Thomas Beck (December 29, 1909 – September 23, 1995) was an American film and stage actor during the mid to late 1930s, who first attracted attention playing juvenile leads in several Charlie Chan and Mr. Moto films.

Early life
Born in New York City, Beck entered college with the intention of becoming a doctor but abandoned that for engineering.

Career
His first professional work was in a stock company and he later played on Broadway. His work interested film executives who sent him to Hollywood. Beck was featured in 28 films in his career, with notable roles  in several Charlie Chan films: Charlie Chan in Paris (1935), Charlie Chan in Egypt (1935), Charlie Chan at the Race Track (1936), and Charlie Chan at the Opera (1936).
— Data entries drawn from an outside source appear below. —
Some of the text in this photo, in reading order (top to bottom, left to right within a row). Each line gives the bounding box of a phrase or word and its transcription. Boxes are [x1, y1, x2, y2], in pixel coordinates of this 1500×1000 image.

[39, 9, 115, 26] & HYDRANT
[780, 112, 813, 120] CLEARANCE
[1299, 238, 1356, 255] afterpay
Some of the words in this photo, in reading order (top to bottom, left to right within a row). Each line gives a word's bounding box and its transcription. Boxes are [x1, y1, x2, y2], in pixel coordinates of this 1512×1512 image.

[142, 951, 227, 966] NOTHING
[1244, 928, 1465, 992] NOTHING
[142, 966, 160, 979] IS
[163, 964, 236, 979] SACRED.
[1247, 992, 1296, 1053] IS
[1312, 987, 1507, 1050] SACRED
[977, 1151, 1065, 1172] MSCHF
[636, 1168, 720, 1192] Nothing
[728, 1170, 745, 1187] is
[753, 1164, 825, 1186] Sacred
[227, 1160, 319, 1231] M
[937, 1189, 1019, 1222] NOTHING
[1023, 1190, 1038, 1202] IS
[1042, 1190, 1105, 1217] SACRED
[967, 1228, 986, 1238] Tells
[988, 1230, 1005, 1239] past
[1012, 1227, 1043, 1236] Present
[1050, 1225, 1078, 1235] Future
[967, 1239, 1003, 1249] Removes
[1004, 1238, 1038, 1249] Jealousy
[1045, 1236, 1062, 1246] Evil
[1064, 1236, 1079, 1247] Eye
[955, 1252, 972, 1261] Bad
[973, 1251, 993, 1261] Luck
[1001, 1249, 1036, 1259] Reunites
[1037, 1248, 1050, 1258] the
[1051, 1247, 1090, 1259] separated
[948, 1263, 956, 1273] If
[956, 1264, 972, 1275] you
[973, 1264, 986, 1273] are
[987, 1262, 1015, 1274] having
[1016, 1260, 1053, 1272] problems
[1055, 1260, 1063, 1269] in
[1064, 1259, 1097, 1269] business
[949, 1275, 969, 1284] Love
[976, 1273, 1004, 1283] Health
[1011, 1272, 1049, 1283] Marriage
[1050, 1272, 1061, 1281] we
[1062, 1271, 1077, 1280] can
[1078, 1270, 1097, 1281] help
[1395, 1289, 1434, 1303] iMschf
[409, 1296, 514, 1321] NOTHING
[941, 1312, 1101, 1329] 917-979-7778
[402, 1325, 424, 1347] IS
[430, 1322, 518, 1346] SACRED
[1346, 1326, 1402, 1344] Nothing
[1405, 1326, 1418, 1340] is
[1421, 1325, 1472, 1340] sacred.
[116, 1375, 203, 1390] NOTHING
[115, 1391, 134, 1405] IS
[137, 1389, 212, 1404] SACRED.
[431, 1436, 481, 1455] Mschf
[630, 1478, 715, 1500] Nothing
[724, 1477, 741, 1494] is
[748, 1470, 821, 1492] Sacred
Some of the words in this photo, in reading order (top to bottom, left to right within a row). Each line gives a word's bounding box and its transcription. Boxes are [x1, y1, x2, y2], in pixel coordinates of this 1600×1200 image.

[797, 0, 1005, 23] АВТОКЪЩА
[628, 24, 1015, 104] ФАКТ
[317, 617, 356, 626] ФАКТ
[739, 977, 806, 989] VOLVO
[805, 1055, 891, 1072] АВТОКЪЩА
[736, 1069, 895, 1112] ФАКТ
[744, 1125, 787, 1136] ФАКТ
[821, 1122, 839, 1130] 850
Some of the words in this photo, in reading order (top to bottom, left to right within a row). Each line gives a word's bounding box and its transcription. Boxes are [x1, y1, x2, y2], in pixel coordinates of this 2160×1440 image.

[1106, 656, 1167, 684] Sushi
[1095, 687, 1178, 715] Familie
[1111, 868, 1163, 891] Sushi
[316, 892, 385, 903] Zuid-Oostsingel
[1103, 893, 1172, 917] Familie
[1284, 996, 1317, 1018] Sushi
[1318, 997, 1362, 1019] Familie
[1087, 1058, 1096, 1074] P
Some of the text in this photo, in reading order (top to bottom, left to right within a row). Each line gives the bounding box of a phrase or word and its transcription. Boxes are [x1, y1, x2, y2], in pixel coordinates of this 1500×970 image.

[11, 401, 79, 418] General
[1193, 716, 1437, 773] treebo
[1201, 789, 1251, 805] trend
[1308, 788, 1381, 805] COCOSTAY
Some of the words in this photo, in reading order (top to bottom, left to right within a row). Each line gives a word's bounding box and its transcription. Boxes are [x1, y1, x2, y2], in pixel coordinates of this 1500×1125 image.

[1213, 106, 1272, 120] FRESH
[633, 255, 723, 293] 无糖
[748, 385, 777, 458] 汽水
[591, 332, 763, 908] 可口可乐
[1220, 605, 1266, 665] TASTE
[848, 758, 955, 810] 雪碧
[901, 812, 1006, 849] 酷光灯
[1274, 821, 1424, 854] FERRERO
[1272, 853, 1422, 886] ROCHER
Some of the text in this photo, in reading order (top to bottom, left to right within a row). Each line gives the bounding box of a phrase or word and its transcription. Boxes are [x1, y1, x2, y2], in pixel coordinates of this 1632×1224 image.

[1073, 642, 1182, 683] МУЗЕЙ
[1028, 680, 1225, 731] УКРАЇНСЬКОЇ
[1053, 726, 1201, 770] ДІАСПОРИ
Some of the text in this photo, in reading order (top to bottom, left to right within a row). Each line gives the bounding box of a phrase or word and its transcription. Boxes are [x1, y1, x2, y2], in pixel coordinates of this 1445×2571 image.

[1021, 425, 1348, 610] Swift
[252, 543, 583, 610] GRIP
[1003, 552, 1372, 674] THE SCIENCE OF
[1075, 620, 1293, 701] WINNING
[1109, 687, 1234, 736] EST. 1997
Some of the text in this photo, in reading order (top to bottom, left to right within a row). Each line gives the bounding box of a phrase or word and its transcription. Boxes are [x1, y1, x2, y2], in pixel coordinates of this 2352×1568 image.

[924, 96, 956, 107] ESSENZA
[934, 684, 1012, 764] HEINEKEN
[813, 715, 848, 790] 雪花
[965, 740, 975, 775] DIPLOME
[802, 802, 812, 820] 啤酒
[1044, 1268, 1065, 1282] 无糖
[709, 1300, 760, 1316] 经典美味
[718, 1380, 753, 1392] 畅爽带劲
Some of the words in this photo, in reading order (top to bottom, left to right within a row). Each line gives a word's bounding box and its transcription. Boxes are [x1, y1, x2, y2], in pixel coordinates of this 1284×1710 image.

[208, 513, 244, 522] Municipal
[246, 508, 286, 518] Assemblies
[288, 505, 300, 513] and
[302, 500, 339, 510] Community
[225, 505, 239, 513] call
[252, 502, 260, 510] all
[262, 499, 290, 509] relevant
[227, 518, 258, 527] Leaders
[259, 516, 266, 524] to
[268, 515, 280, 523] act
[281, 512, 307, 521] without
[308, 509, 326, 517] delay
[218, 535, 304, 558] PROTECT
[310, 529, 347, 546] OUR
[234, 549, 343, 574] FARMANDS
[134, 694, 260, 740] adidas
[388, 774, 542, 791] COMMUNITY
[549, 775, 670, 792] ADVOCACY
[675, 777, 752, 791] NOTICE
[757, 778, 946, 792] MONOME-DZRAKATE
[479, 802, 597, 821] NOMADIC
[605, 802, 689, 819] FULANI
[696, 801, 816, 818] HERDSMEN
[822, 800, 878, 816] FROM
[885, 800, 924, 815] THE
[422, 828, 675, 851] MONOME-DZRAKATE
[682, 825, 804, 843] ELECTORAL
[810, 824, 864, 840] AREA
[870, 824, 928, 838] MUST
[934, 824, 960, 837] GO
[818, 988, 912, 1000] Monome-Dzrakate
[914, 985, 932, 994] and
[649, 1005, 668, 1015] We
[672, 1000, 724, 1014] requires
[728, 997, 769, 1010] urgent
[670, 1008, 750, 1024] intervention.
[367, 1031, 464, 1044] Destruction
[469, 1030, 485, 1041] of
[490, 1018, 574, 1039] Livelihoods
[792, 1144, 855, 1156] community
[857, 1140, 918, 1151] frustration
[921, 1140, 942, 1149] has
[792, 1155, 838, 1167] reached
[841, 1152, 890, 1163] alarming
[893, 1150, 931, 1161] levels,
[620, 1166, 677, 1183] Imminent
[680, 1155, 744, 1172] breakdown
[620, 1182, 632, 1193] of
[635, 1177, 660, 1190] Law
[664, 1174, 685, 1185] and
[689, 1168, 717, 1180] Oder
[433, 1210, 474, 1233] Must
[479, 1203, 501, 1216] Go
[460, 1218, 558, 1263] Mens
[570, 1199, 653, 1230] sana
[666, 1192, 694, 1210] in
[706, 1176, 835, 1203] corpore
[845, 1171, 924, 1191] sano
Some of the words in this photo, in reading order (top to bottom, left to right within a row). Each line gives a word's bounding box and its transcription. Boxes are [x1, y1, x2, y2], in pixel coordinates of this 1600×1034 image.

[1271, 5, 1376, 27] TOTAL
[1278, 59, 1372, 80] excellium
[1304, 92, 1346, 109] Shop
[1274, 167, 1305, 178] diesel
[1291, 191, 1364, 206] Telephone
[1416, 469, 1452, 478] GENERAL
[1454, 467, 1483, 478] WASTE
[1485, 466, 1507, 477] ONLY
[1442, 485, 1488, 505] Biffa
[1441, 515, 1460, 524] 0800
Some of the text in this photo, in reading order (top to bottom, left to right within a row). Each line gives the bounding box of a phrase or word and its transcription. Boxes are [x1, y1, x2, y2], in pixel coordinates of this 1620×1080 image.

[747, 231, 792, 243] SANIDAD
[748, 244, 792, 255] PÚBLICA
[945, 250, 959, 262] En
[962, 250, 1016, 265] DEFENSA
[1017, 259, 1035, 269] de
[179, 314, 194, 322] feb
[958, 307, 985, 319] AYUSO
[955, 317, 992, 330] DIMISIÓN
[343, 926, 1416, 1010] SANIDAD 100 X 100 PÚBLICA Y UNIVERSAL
He also worked opposite Will Rogers in Life Begins at 40 (1935), in which he played the spoiled son of a landowner; appeared as a French legionnaire in Under Two Flags (1936), played Pastor Schultz, the village priest, in Shirley Temple's 1937 film Heidi; and appeared opposite Temple's counterpart Jane Withers in Can This Be Dixie? (1936). He was seen to good advantage in two 1936 Fox motion pictures, in which he had leading roles: as a pilot in Peter Lorre's first American film, the espionage thriller Crack-Up and as a rich socialite in Champagne Charlie.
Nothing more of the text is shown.